Instructions for the task
Aside from the pictures, the entries should be given again exactly.

_ _ _ _ _ _ _

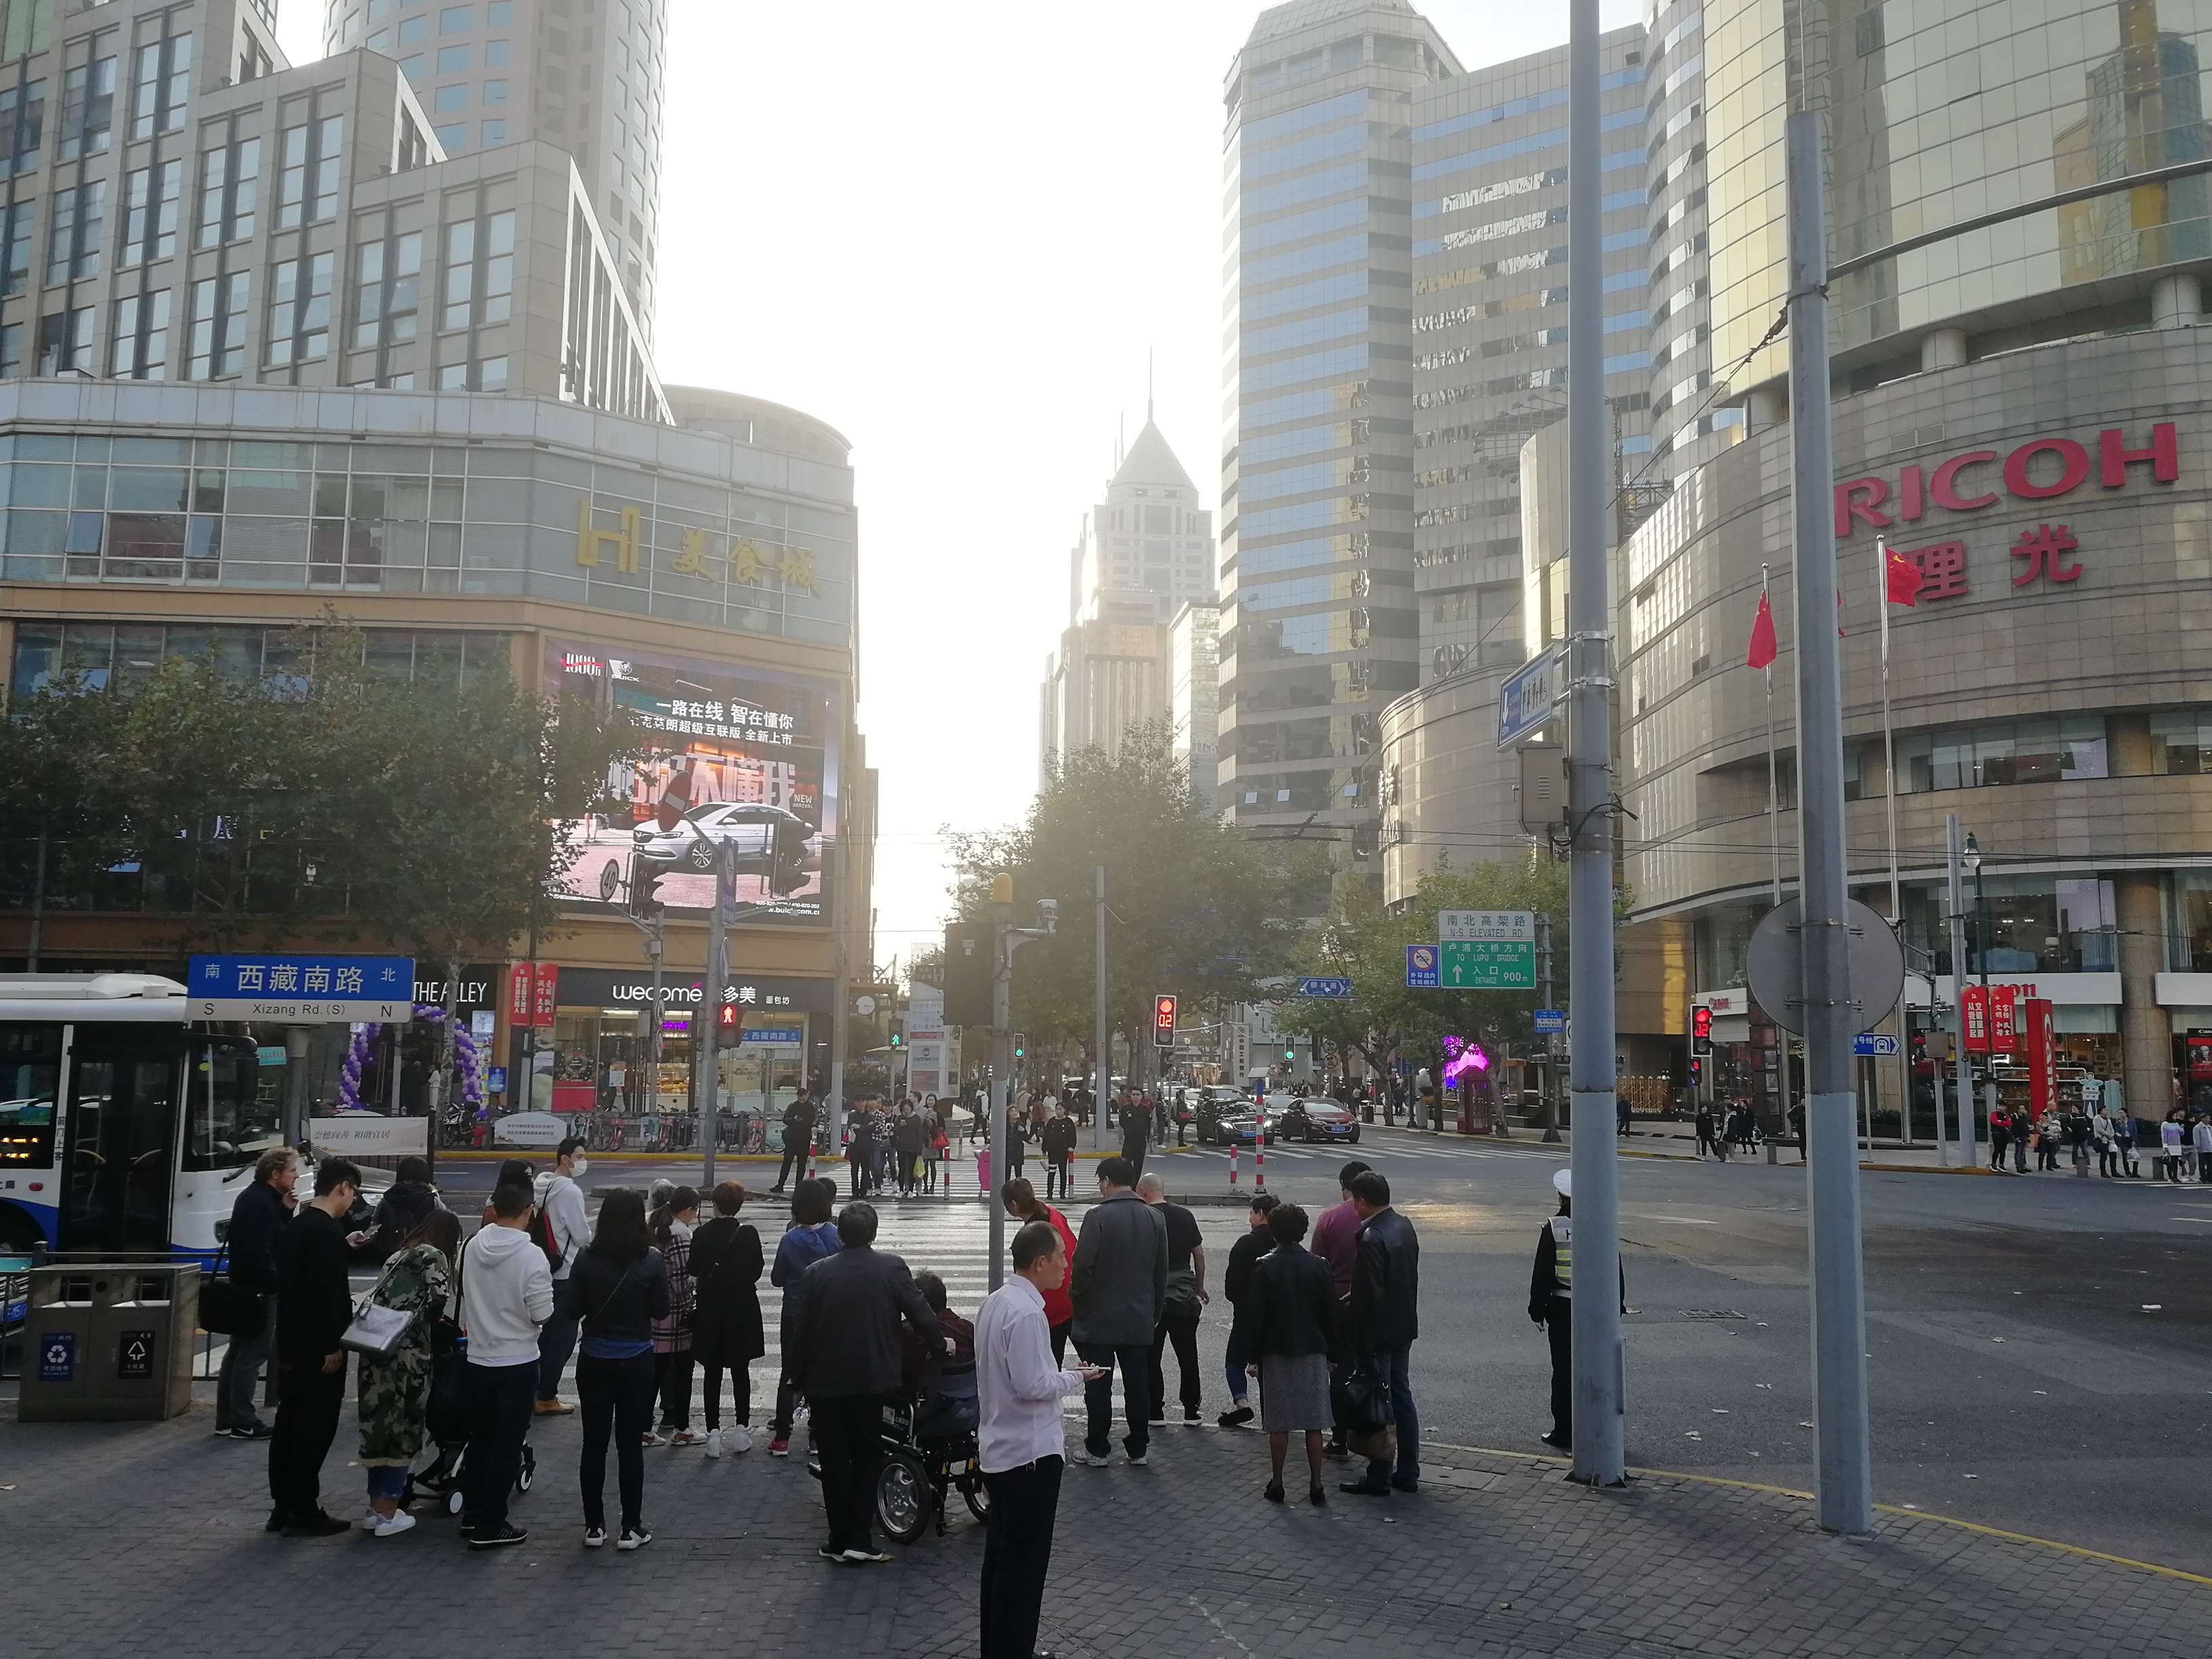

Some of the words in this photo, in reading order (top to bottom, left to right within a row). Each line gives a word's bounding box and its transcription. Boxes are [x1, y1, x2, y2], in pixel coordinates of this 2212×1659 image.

[1835, 422, 2179, 537] RICOH
[1900, 524, 2083, 601] 理光
[611, 674, 640, 682] BUICK
[656, 699, 724, 722] 一路在线
[731, 703, 794, 730] 智在懂你
[628, 716, 741, 739] 克英朗超级互联版
[745, 729, 794, 745] 全新上市
[794, 794, 813, 804] NEW
[604, 870, 616, 890] 40
[1447, 914, 1525, 926] 南北高架路
[1450, 928, 1464, 937] N-S
[1469, 928, 1505, 938] ELEVATED
[1512, 928, 1523, 938] RD
[1448, 943, 1528, 953] 卢浦大桥方向
[205, 963, 221, 979] 南
[381, 966, 396, 982] 北
[1472, 966, 1499, 975] 入口
[237, 964, 365, 994] 西藏南路
[413, 981, 438, 1002] THE
[440, 982, 487, 1002] ALEY
[720, 985, 756, 1004] 多美
[765, 996, 790, 1005] 面包坊
[203, 1003, 214, 1016] S
[252, 1004, 295, 1017] Xizang
[380, 1005, 392, 1017] N
[752, 1031, 787, 1040] 西藏南路
[2044, 1012, 2055, 1104] Cano
[353, 1130, 390, 1140] 和谐宜居

_ _ _ _ _ _ _

Solution below
Some of the words in this photo, in reading order (top to bottom, left to right within a row). Each line gives a word's bounding box and its transcription. Boxes are [x1, y1, x2, y2], in pixel coordinates of this 2212×1659 image.

[1835, 422, 2179, 537] RICOH
[1900, 524, 2083, 601] 理光
[611, 674, 640, 682] BUICK
[656, 699, 724, 722] 一路在线
[731, 703, 794, 730] 智在懂你
[628, 716, 741, 739] 克英朗超级互联版
[745, 729, 794, 745] 全新上市
[794, 794, 813, 804] NEW
[604, 870, 616, 890] 40
[1447, 914, 1525, 926] 南北高架路
[1450, 928, 1464, 937] N-S
[1469, 928, 1505, 938] ELEVATED
[1512, 928, 1523, 938] RD
[1448, 943, 1528, 953] 卢浦大桥方向
[205, 963, 221, 979] 南
[381, 966, 396, 982] 北
[1472, 966, 1499, 975] 入口
[237, 964, 365, 994] 西藏南路
[413, 981, 438, 1002] THE
[440, 982, 487, 1002] ALEY
[720, 985, 756, 1004] 多美
[765, 996, 790, 1005] 面包坊
[203, 1003, 214, 1016] S
[252, 1004, 295, 1017] Xizang
[380, 1005, 392, 1017] N
[752, 1031, 787, 1040] 西藏南路
[2044, 1012, 2055, 1104] Cano
[353, 1130, 390, 1140] 和谐宜居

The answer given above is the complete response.